The Purplemath Forums

[onmyown]

Hi, I am having trouble solving this problem. I have made at least 4-5 attempts on it by now. Can someone please help me out?

Here is the problem: A number consists of two digits. 13 more than 7 times the units digits is 3 times the tens digit. If the digits are reversed, 2 times the new number is 34 less than the original number. Find the number.

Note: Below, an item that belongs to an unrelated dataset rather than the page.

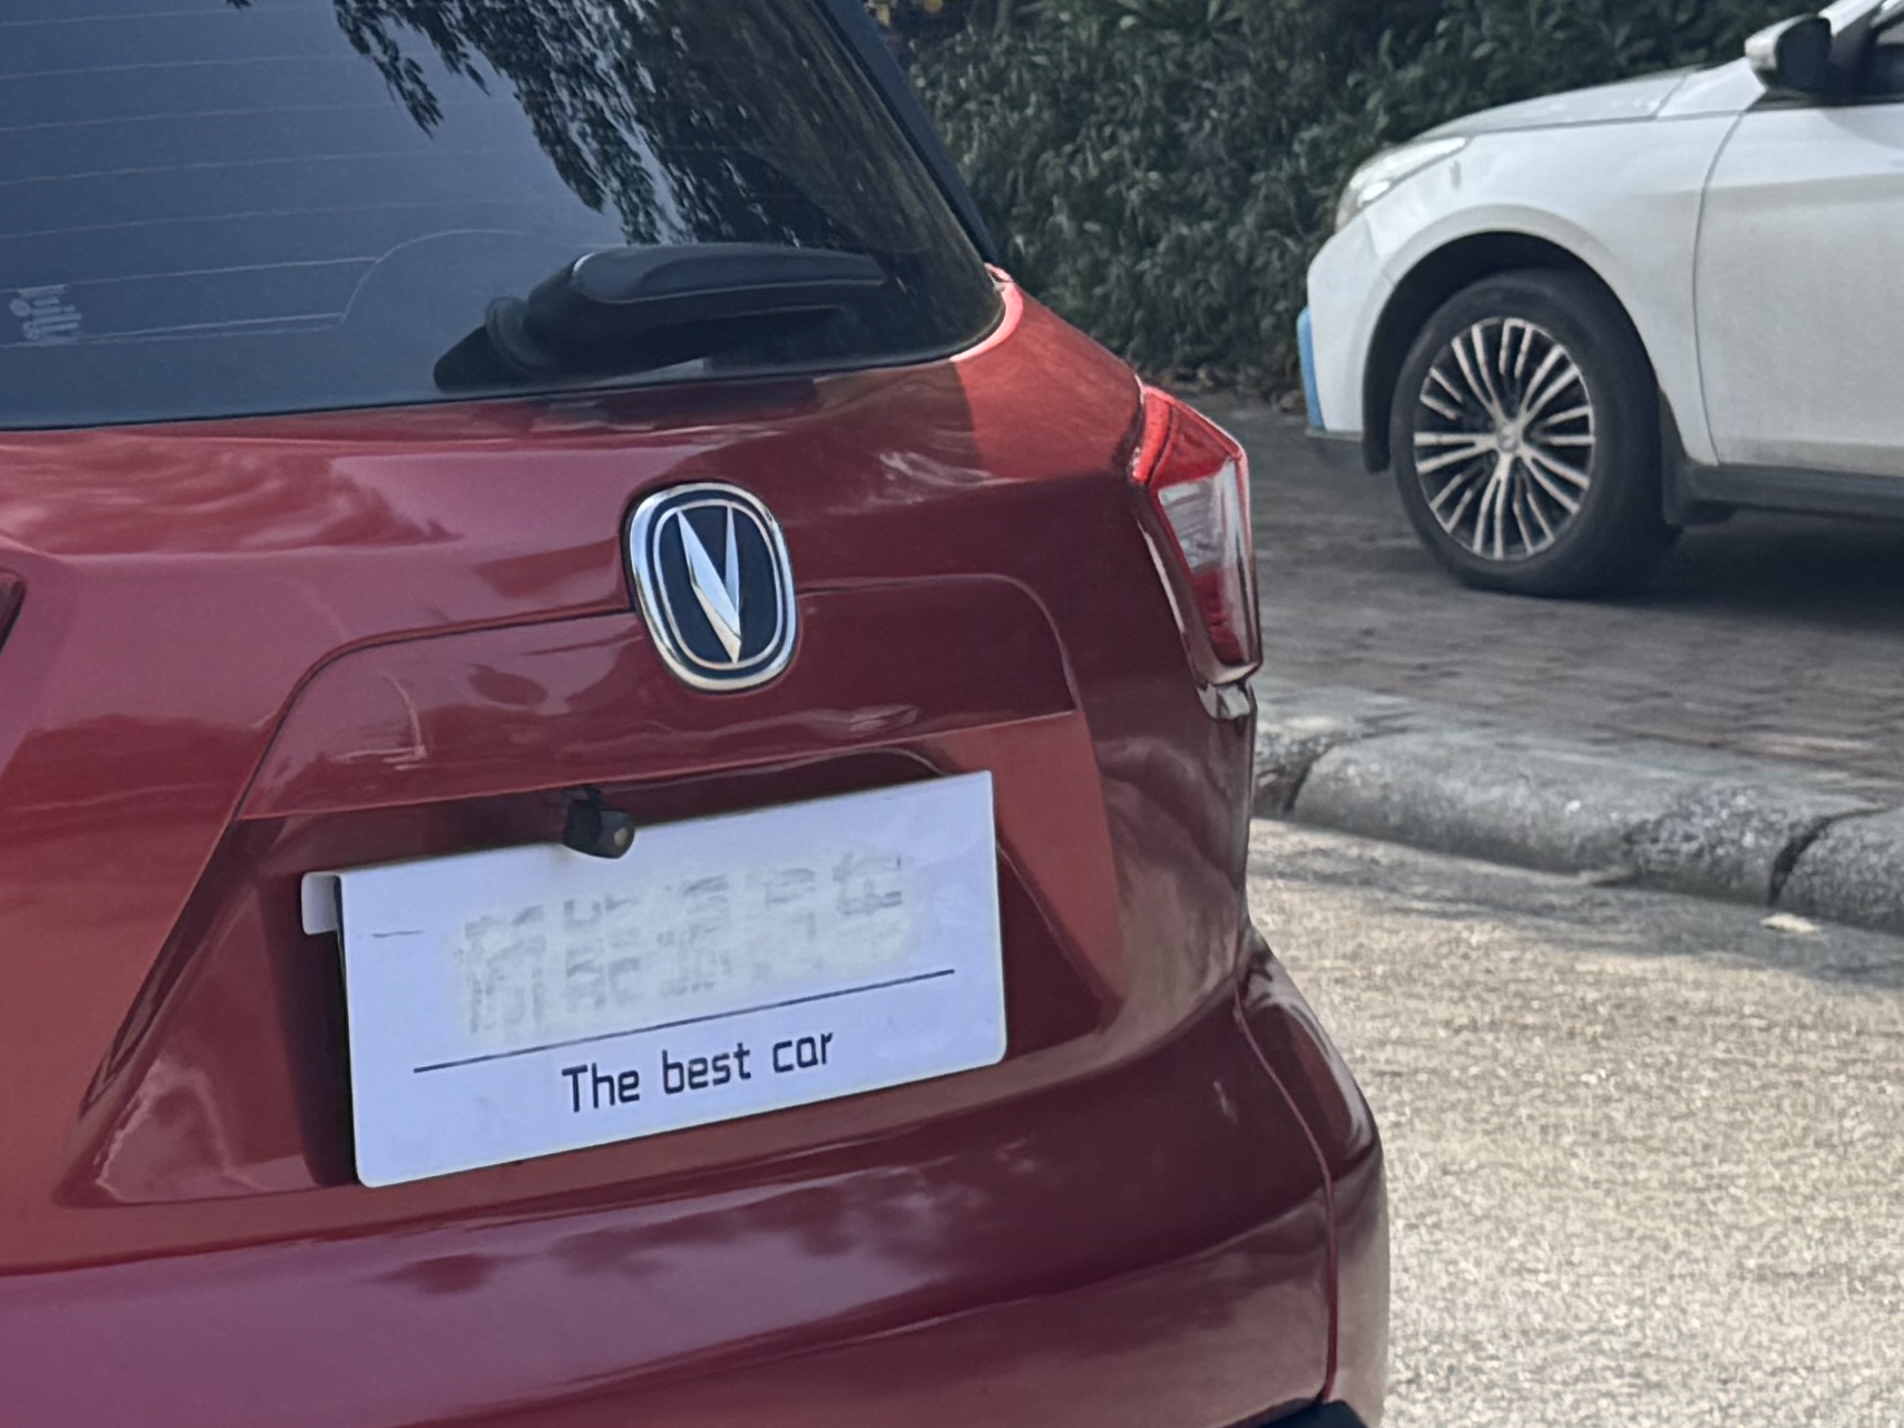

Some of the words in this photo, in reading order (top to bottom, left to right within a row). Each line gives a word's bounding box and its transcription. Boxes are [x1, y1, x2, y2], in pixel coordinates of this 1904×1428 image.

[562, 1062, 640, 1112] The
[662, 1042, 751, 1094] best
[772, 1032, 833, 1074] car

Here is one my of attempts:
- Translated each statement into equations:
"13 more than 7 times the units digits is 3 times the tens digit." --> 13+7u=3t
"If the digits are reversed, 2 times the new number is 34 less than the original number" --> 2(10u+t)=10t+u-34
- Made all variables on one side of each equation, and made a system of equations:
3t-7u=13
19u-8t= (-34)
- Solved the system of equations, to solve for u:
3 * (8t+19u = -34) ------> 24t+57u=-102
8 * (3t - 7u = 13) ------> - 24t - 56u=104
113u/113 = -206/113
Therefore, u= -1.8
- Substituted value of u into other equation, to solve for t:
3t-7u=13
3t-7(-1.8)=13
3t+12.6-12.6=13-12.6
3t/3=0.4/3

Therefore, t=0.13

I know all that is wrong. The answer is supposedly 92. I'd appreciate any help, thanks

[stapel_eliz]

A number consists of two digits. 13 more than 7 times the units digits is 3 times the tens digit. If the digits are reversed, 2 times the new number is 34 less than the original number. Find the number.

Here is one my of attempts:

Thank you for showing your work so nicely!

I get the same set-up you do:

3t-7u=13
19u-8t= (-34)

...but you appear to have switched a sign in the second equation:

- Solved the system of equations, to solve for u:
3 * (+8t+19u = -34) ------> 24t+57u=-102

Correcting, you would get:

. . . . ..3t - ..7u = .13
. . . . .-8t + 19u = -34

. . . . .8[..3t -..7u = .13]
. . . . .3[-8t + 19u = -34]

. . . . ..24t - 56u = .104
. . . . .-24t + 57u = -102
. . . . . .0t + ..1u = ...2

As one would expect for this sort of exercise, yes, the values for the variables will need to be whole numbers.